As shown in Fig. 4a, when a fixed voltage (4 V, 40 ms) is applied on G1 with various voltage biases on G2, ID also changes with VG2. As the voltage on G2 increases from −0.5 V to 0 V, ID also increases suggesting the regulating effect of G2 on G1. In order to further understand the regulating effect of G2 on G1 in this dual-gate device, we have separately studied the effects of VG1 pulses with different widths and amplitudes on ID under different VG2 pulses. Fig. 4b shows a schematic diagram of the excitatory post-synaptic current (EPSC) caused by a G1 spike and G2 control. VG1 with a pulse width of 40 ms and different amplitudes from 1 V to 5 V is applied to G1, and VDS remains at 600 mV. It can be seen that as the amplitude of VG1 increases under the same VG2, the corresponding max amplitude of ID gradually increases. Different VG2 pulses change the peak value of the EPSC under the same VG1 conditions, which indicates the regulating effect of G2. Similarly, as shown in Fig. 4c, the pulse width also has an impact on ID with increasing ID observed by increasing the pulse width from 10 ms to 50 ms (pulse amplitude = 4 V; VDS = 600 mV). It can also be seen that G2 regulates G1. The artificial neural network based on the double gate device is mainly used to simulate the recognition and classification of image data by the human brain. Mary Potter found that the human brain can recognize and understand a picture in 13–80 ms, and for the first time confirmed the fast processing ability of the human brain in the experiment.39 Meanwhile, the study also shows that although the brain only takes 13 ms to process image data, other parts of the brain continue to spend more time processing the image information. Therefore, as long as the response time of the device is less than 13 ms, the simulation of human brain image recognition can be realized. It can be seen that our double gate device can show a significant response to the pulse width of 10 ms, and the change of VG2 with the device response current is still very obvious. It provides a basis for our device to simulate the human brain for image recognition.
We then measured the LTP and LTD characteristics of the dual-gate device under different VG2. As demonstrated in Fig. 4d, continuous pulse (4 V) stimulation is applied on G1, and a constant small voltage (0 V to −0.5 V) is applied on G2 for regulation. In this way, six different sets of LTP/LTD curves are obtained. It can be seen that with the increase of VG2, the maximum ID increases significantly. However, for a fixed VG2 pulse, the device still exhibits non-linear LTP characteristics during the initial pulse sequence. However, it is worth mentioning that with the decrease of VG2, the sharp change in ID in the initial pulse stage is suppressed, which provides approaches for solving the non-linear issue. The paired pulse facilitation (PPF) characteristics of the dual-gate device are also studied, and are found to be consistent with the PPF phenomenon of neural synapses in biological systems (Fig. S9, ESI†).

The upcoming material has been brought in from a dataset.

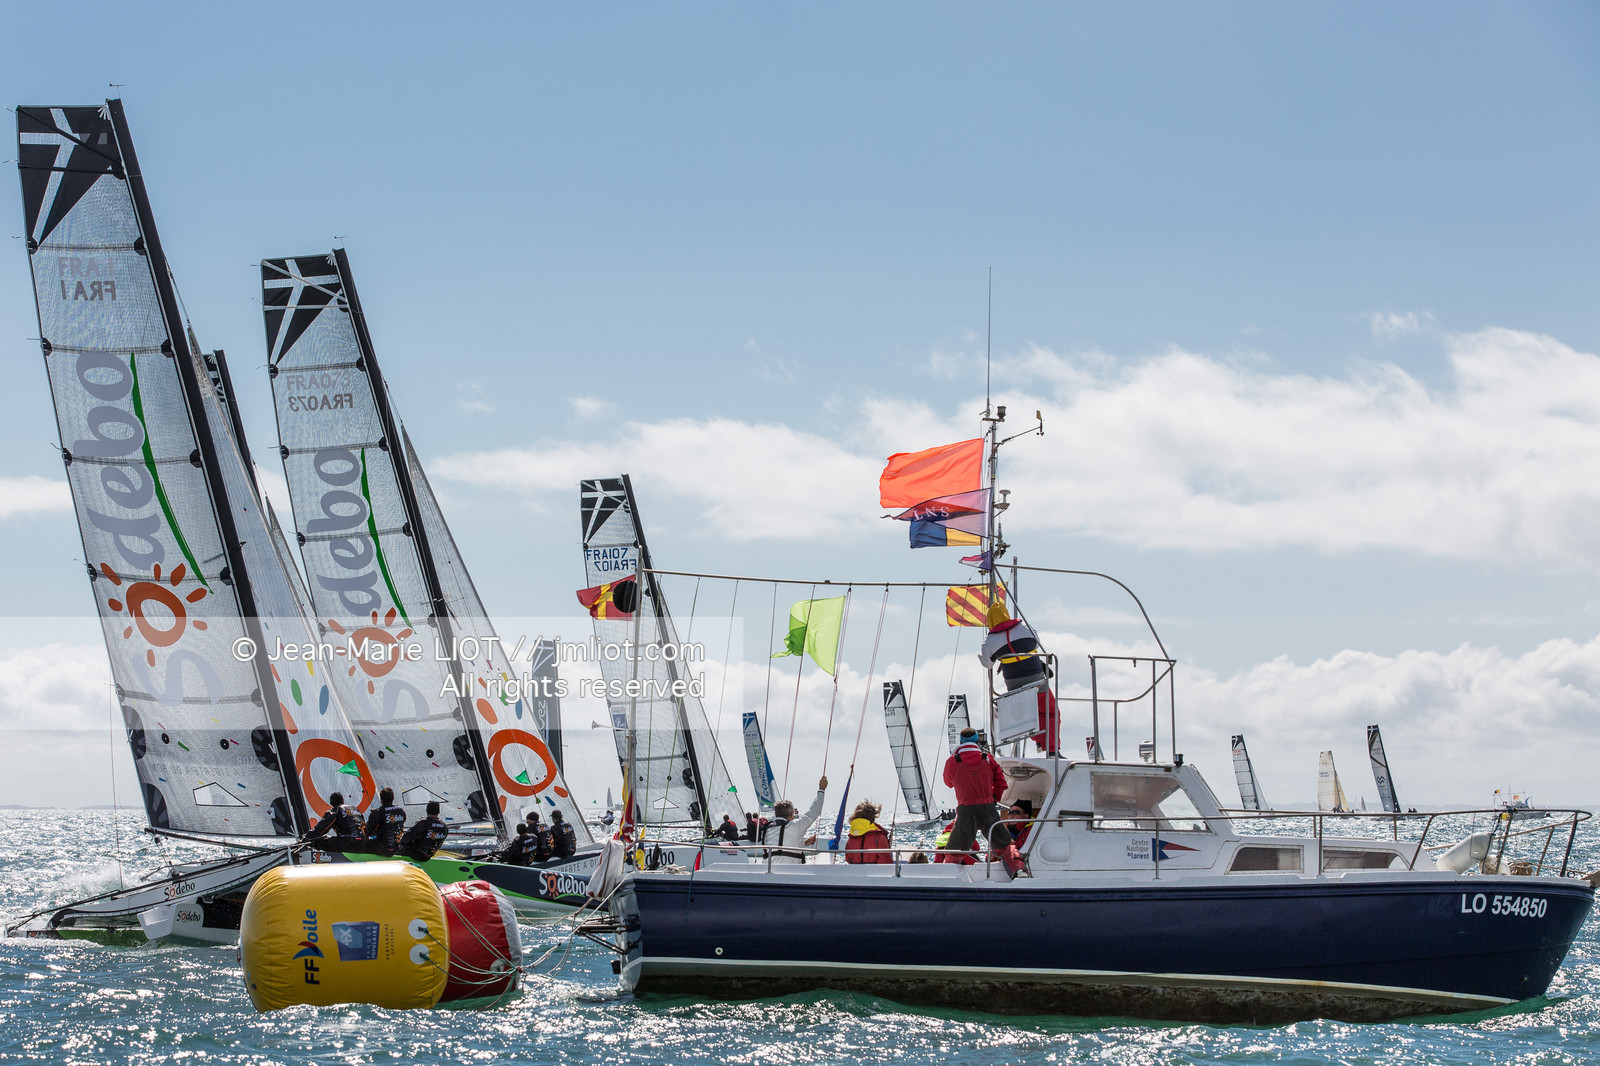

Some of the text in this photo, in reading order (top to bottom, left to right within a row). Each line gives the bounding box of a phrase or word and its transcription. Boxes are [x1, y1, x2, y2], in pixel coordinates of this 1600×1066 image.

After confirming that the double gate device can simulate the neural synaptic behavior, an artificial neural network based on the double gate device is built. Fig. 5a illustrates the schematic diagram of a 3-layer network with 4 neurons in the input layer, 6 neurons in the hidden layer and 3 neurons in the output layer. We use the iris database to train the ANN. This database contains three types of irises: iris-setosa, iris-versicolour and iris-virginica (each kind with 50 sets of data, and 150 in total). Each data record contains four data items of the iris flower, namely the length of the sepal, the width of the sepal, the length of the petal, and the width of the petal, respectively, which correspond to the 4 input neurons of the neural network. The three types of irises correspond to 3 output neurons. In the ANN network training, 112 pieces of data in the database are used for training, the back propagation algorithm is used to update the weights after each training epoch, and the remaining 38 pieces of data are used to test the recognition rate of the network. Fig. 5b shows the flowchart of the training process. The calculation process of the neural network in detail is shown in Fig. S10 (ESI†) and the following discussion.

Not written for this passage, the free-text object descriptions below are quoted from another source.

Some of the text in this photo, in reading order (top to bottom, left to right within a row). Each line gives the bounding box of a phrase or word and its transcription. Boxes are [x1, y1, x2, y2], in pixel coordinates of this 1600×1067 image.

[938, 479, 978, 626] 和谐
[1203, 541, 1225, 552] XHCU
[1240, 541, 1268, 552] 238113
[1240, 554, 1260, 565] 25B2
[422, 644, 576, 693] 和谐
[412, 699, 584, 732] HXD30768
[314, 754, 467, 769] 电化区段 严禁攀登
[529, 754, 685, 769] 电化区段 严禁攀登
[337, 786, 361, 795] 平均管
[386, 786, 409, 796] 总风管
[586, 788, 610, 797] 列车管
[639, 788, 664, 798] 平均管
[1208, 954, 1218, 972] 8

We use the correlation coefficient r to measure the fit degree between the two actual LTP curves and the ideal linear LTP curve:
Cov (actual LTP, ideal LTP) is the covariance of actual LTP and ideal LTP, Var [actual LTP] is the variance of actual LTP, and Var [ideal LTP] is the variance of ideal LTP. Among them, the closer r is to 1, the better the fitting degree is, which indicates that the linearity of LTP curve is better. By fitting the LTP curves in Fig. 6a, we found that under the condition of VG2 = 0, the correlation coefficient is 0.887.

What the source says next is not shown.